Description of the task: Your output should consist solely of the lines from the one with "this 1280×1280 image." through the end of the records, reproduced exactly, both ends included.
*** Opening of Source material ***
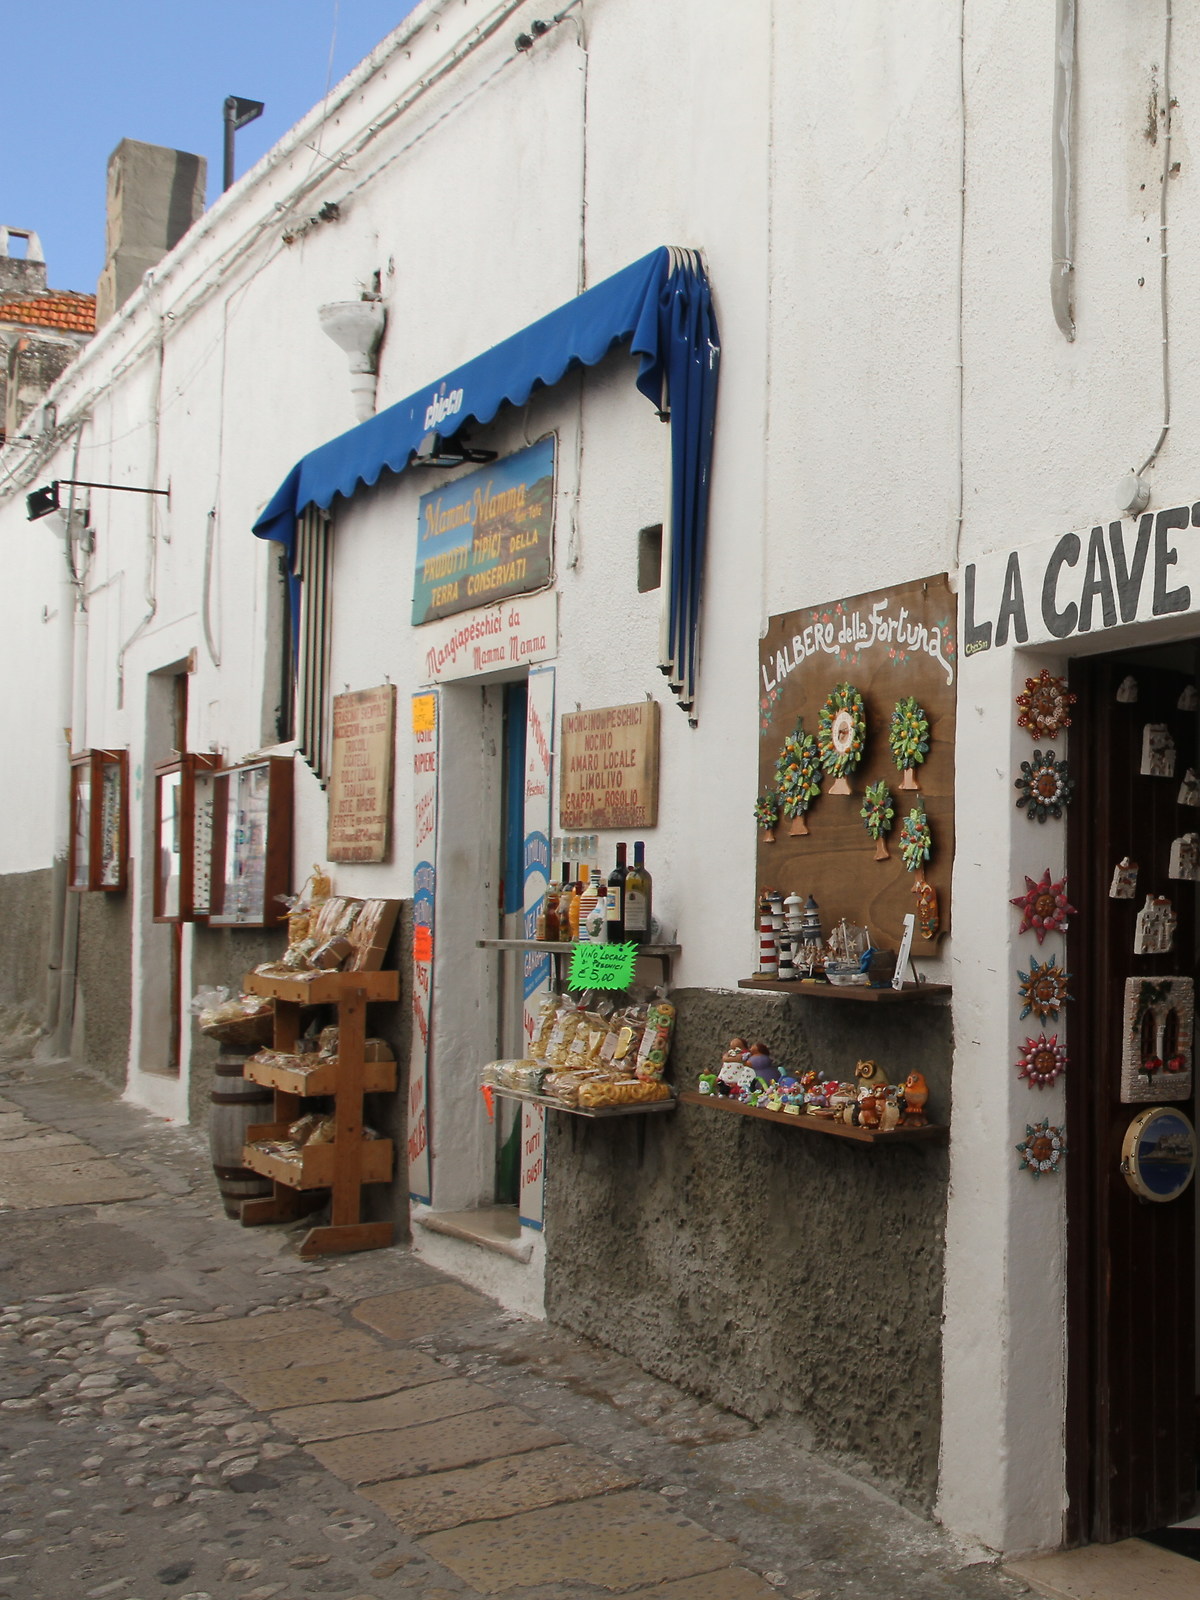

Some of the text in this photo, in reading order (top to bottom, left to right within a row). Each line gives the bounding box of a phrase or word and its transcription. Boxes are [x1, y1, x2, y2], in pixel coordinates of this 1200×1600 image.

[422, 497, 471, 542] Mamma
[472, 480, 526, 526] Mamma
[509, 528, 539, 554] DELLA
[431, 558, 526, 608] TERRA CONSERVATI
[964, 551, 1029, 658] LA
[508, 608, 521, 628] da
[473, 635, 546, 671] Mamma Mamma
[762, 598, 953, 692] L'ALBERO della Fortuna
[607, 706, 642, 728] PESCHICI
[584, 732, 613, 751] NOCINO
[570, 749, 637, 773] AMARO LOCALE
[580, 770, 623, 791] LIMOLIVO
[565, 793, 595, 810] GRAPPA
[604, 789, 638, 807] ROSOLIO
[580, 947, 628, 962] VINO LOCALE
[589, 968, 615, 983] 5,00
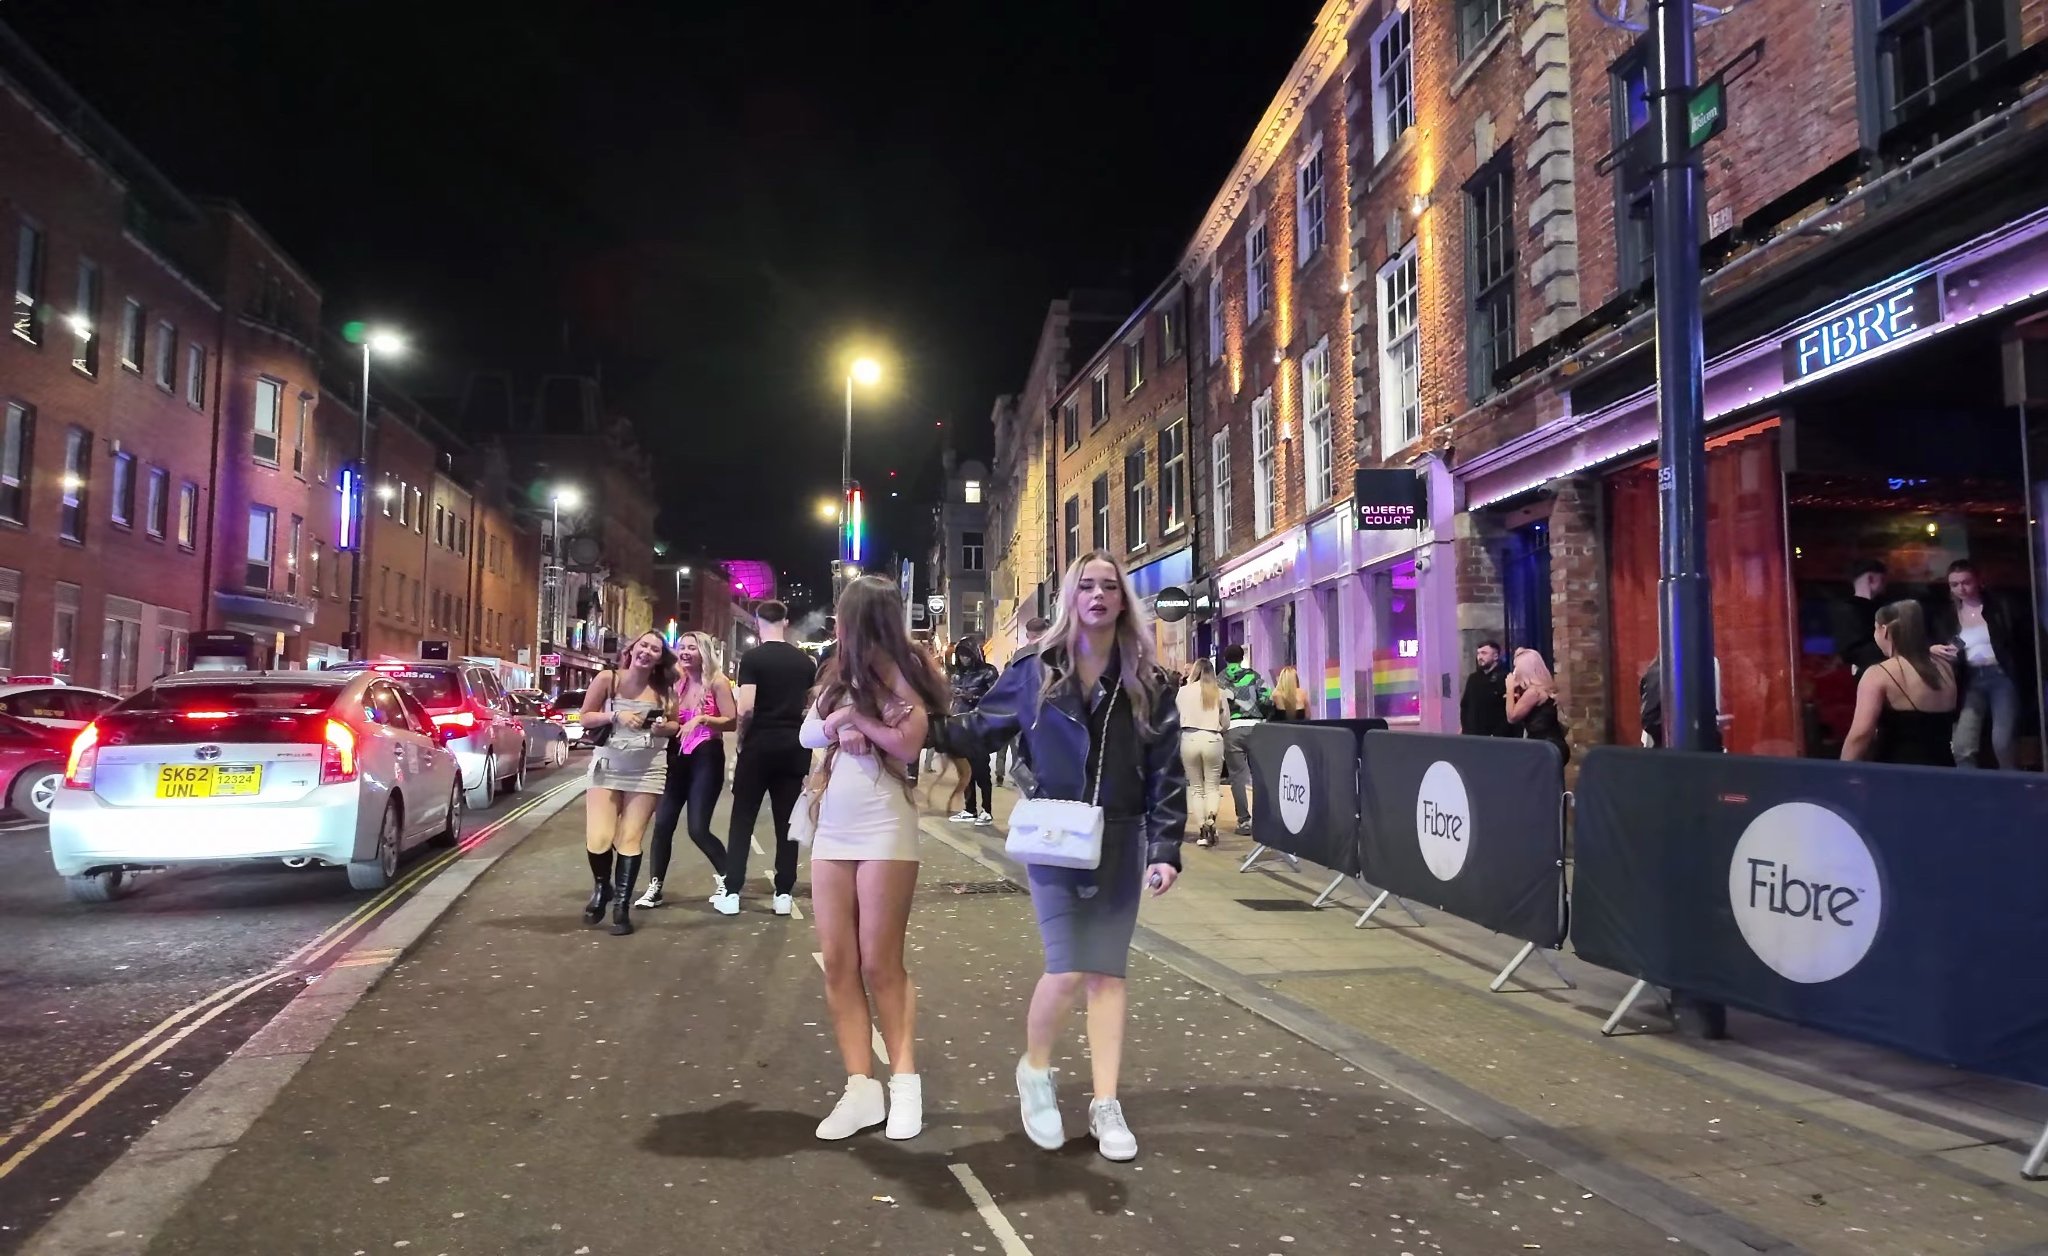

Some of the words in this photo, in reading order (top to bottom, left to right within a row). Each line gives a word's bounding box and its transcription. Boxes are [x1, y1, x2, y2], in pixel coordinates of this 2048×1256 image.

[1799, 287, 1918, 375] FIBRE
[1361, 505, 1414, 515] QUEENS
[1365, 516, 1411, 525] COURT
[162, 767, 209, 782] SK62
[217, 774, 253, 785] 12324
[165, 784, 199, 798] UNL
[1282, 774, 1306, 805] Fibre
[1423, 799, 1463, 842] Fibre
[1747, 857, 1860, 927] Fibre
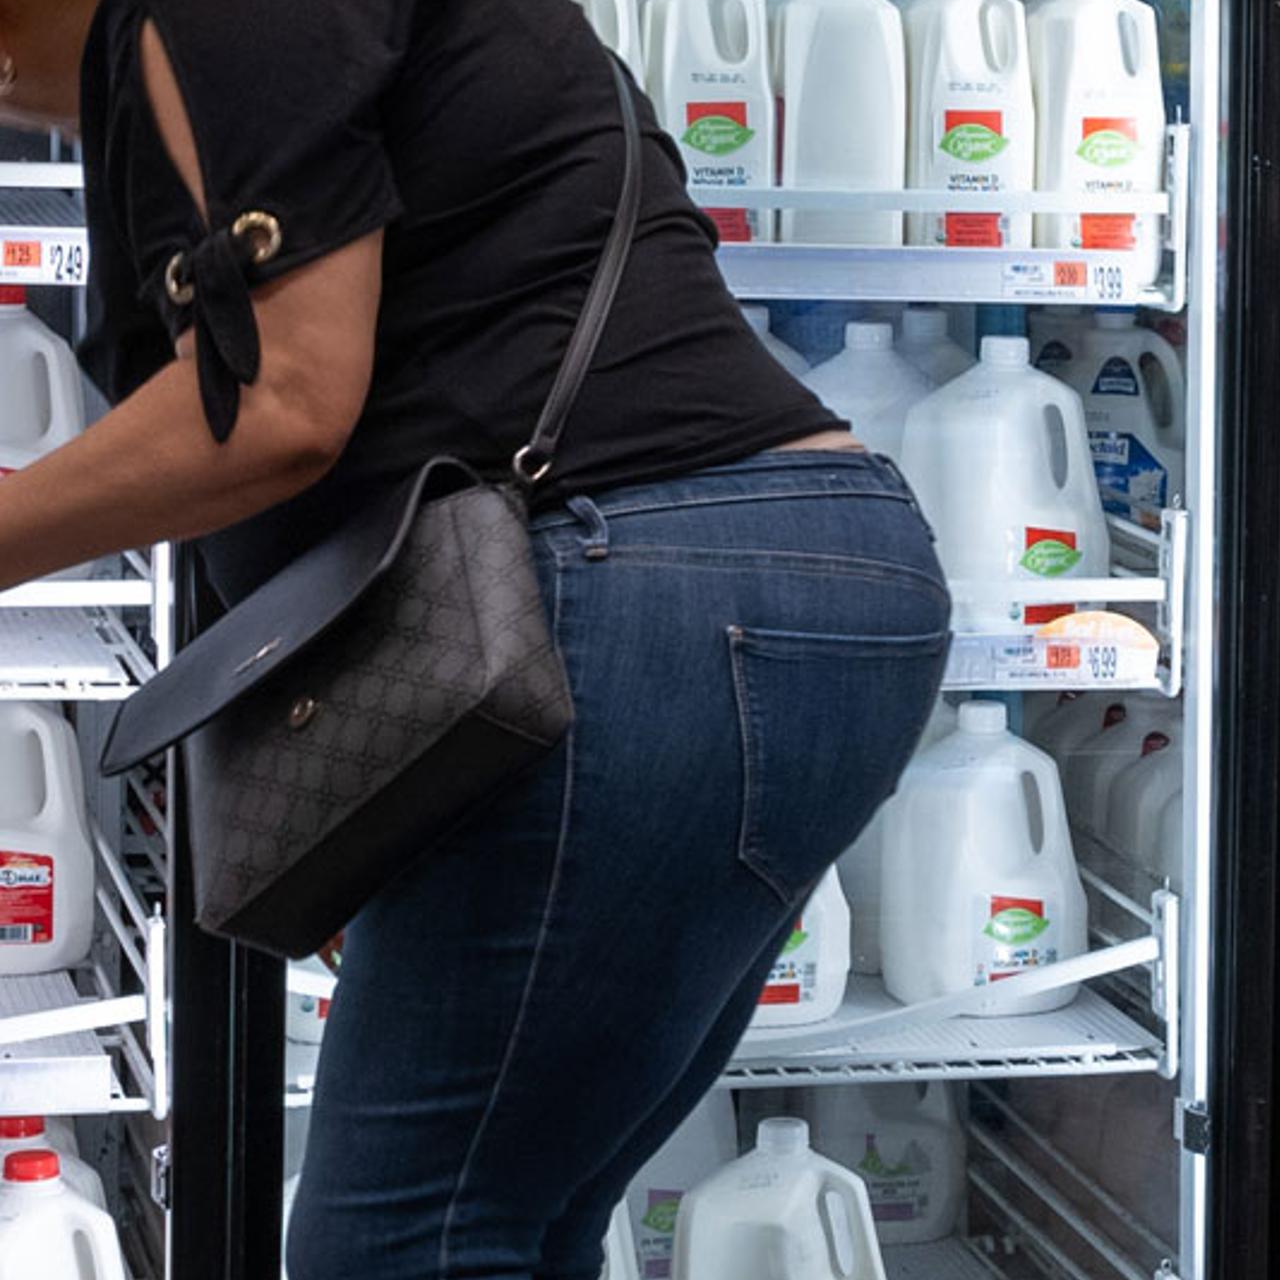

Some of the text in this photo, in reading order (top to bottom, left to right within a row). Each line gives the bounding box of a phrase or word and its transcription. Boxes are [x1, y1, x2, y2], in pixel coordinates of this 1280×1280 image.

[693, 167, 732, 177] VITAMIN
[950, 174, 988, 185] VITAMIN
[1089, 439, 1128, 457] ctaid
*** Close of Source material ***
Expected output:
Some of the text in this photo, in reading order (top to bottom, left to right within a row). Each line gives the bounding box of a phrase or word and its transcription. Boxes are [x1, y1, x2, y2], in pixel coordinates of this 1280×1280 image.

[693, 167, 732, 177] VITAMIN
[950, 174, 988, 185] VITAMIN
[1089, 439, 1128, 457] ctaid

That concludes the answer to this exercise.